Life certainly didn’t end when I had to rush to finish several other college applications that I hadn’t finished, because I’d been counting on getting into one of those early schools. Every essay I finished for the following two weeks felt like a slap in the face, a message that you’re doing this because you’re not good enough.

While I tried to avoid letting the opinions of others get to me, it was less than fun to have to say “No, I got deferred, unfortunately”, when anyone asked me whether I’d gotten into the schools that I’d been talking about all year.

 

April rolled around, and I got into college. I committed to a fantastic school, and now I’m a third through my first year. Chances are, if you’re reading this, you’ve either gone through the college process or are going through it now. You probably have a dream school, a top choice, whatever you want to call it. This post is for people who didn’t get in to that school.

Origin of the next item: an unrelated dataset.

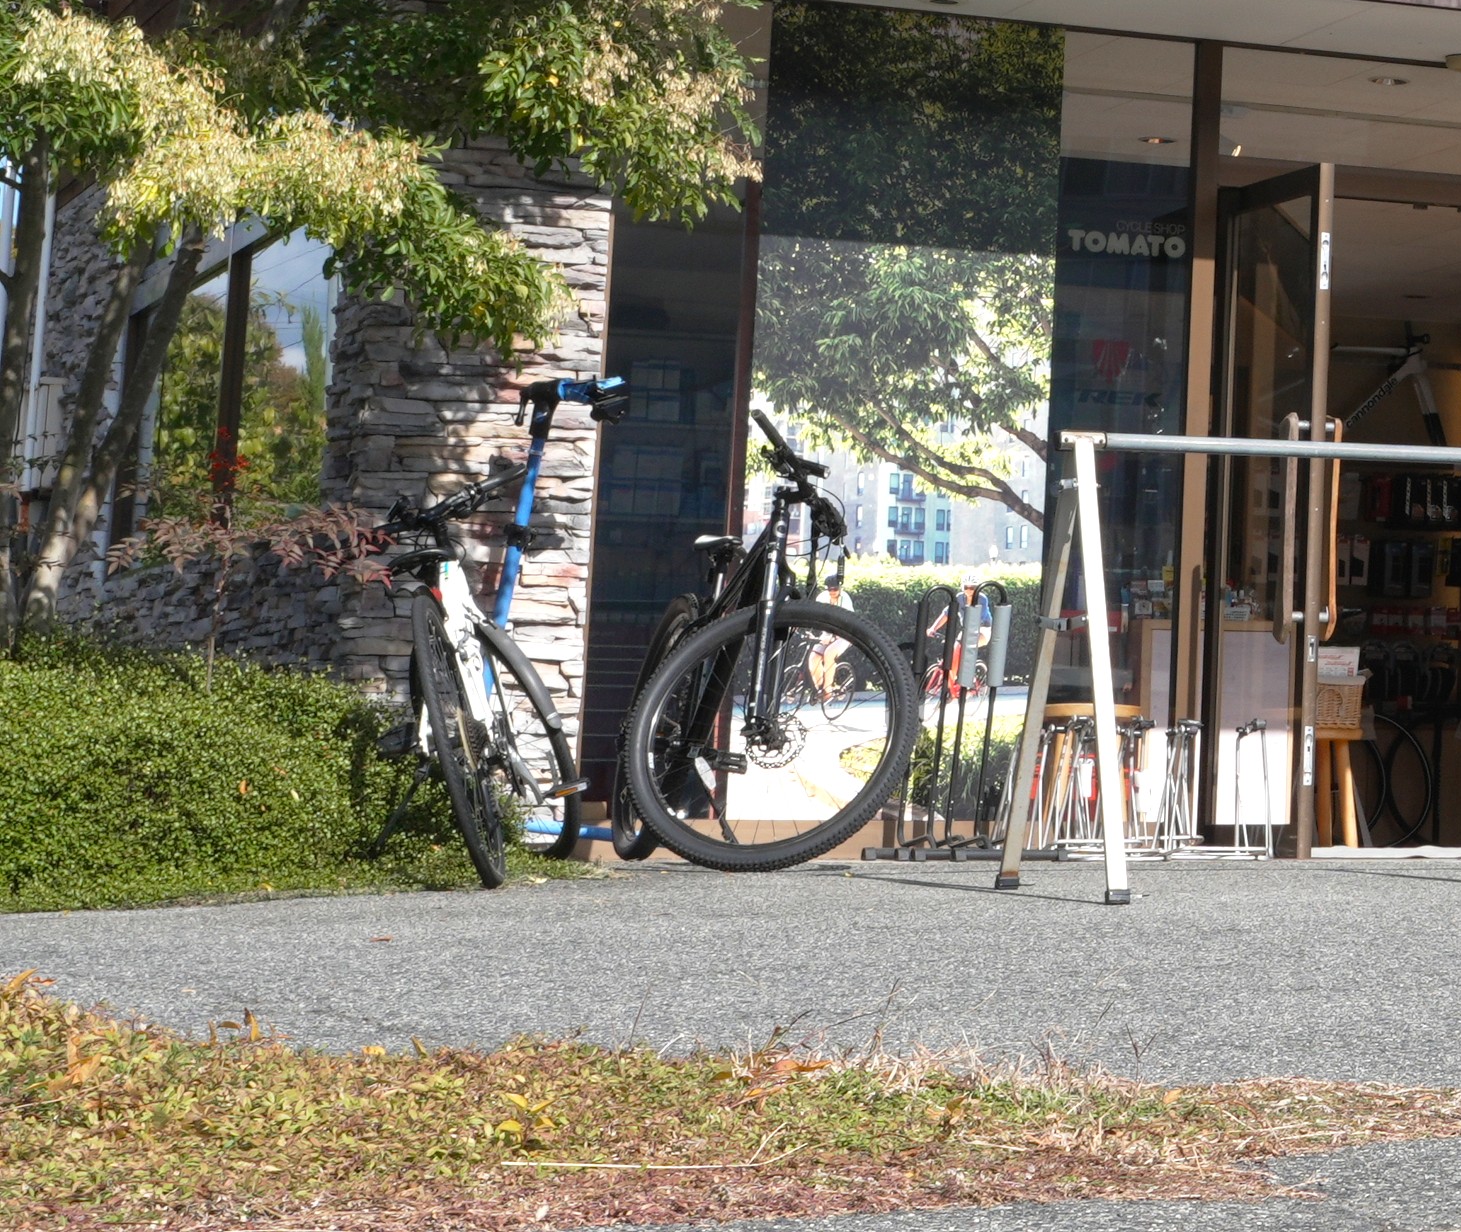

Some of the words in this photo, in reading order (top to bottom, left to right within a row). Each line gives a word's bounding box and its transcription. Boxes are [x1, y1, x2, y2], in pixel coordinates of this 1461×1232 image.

Know that you are not the first to experience what you have, and you will not be the last. There’s me, of course, and my high school’s student body president, who was rejected from every college he applied to, except for one.

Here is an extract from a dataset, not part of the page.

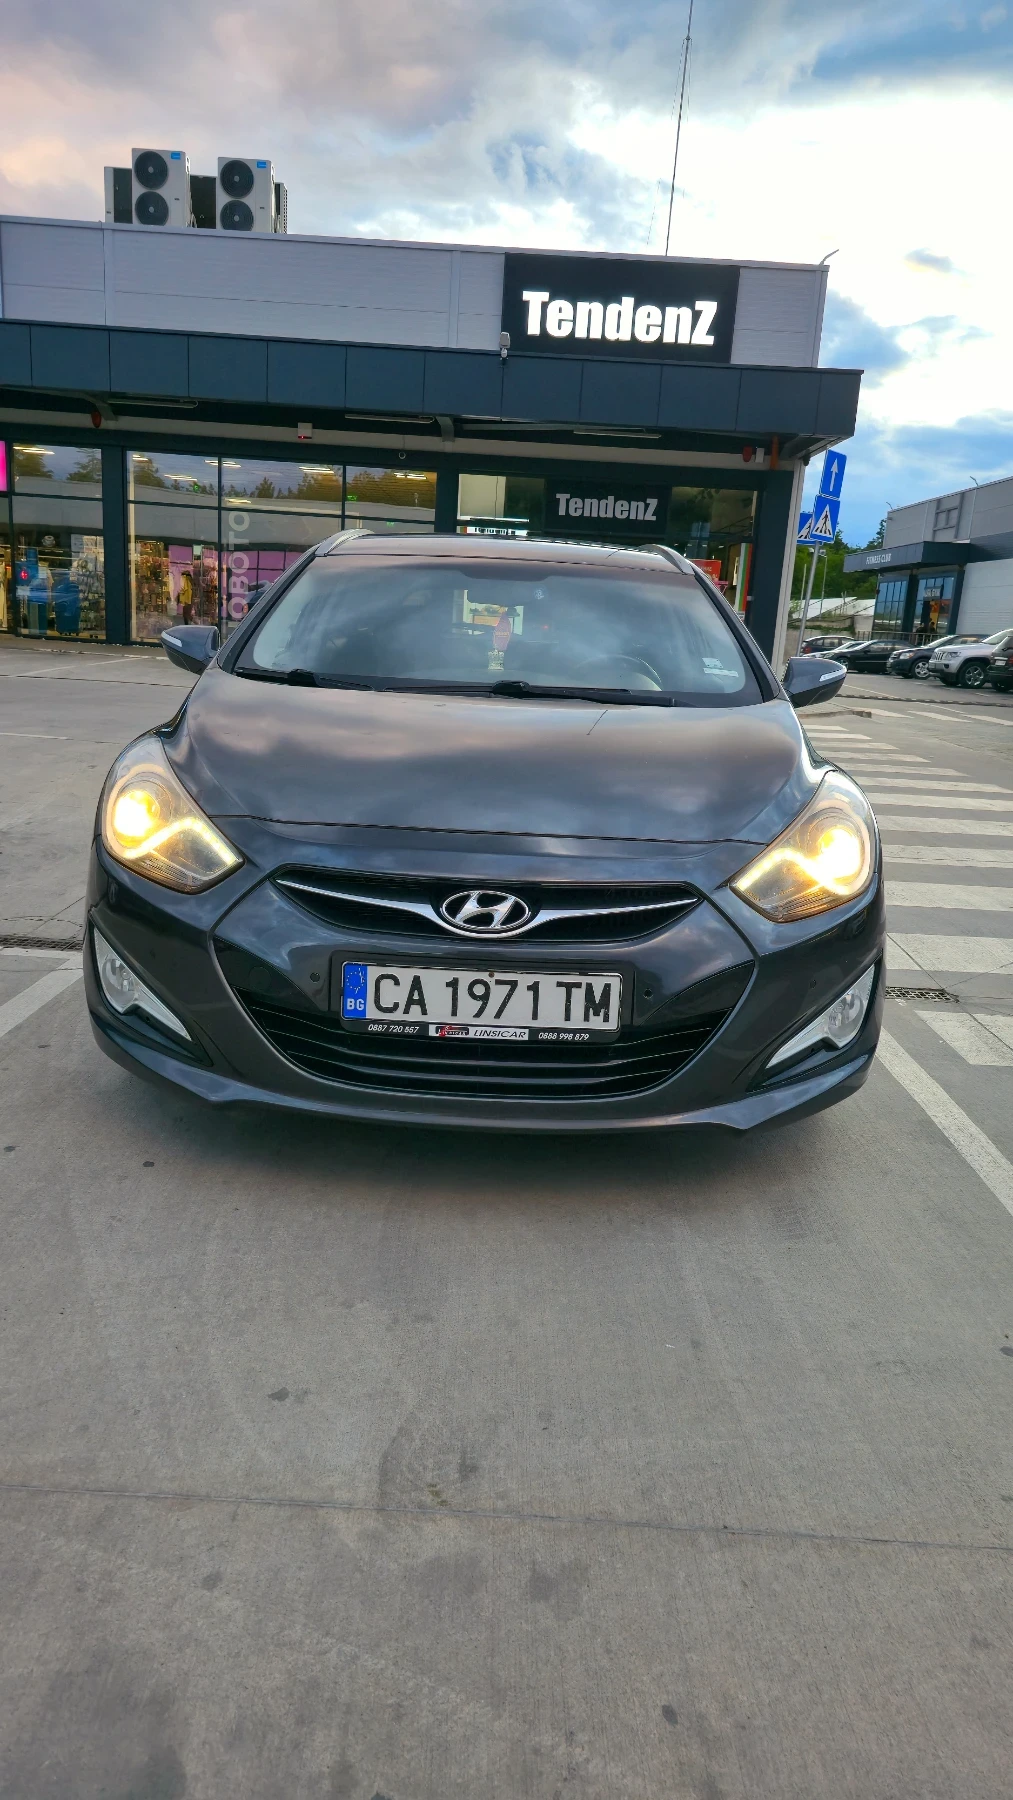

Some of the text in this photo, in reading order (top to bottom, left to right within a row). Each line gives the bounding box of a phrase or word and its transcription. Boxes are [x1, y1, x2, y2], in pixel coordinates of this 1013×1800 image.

This doesn’t ease your pain much, but it does mean there are others who have felt what you’re feeling. And they’ll all tell you the same thing: you’re going to be fine.

You’ll get into college. You’ll go to college. You’ll have fun at college.

You’ll stay up late in your school’s vast library, finishing a 10-page essay for class you pretend to hate but really love. You’ll join any number of clubs that you pretend to love but really hate. You’ll become inseparable with the friends you make on your floor.

And when you look back at your senior year of high school this time next year, you probably will remember not getting into that college. It doesn’t go away that easily. But you’ll remember it not with anger or pain, but with a tinge of nostalgia, a sprinkle of “if only”, and maybe a hint of regret.

Then you’ll look up at your new college friends, laugh (or maybe grumble) about the mediocre food you’re eating in the dining hall, and forget all about it again.

by Christopher Callahan

2 comments

  1. karmadoc

    These stories of rejection bring back memories of the weeks I waited to know if I made the cut and the empty feeling of learning I hadn’t. I would not want to go though that experience again… but I know I would.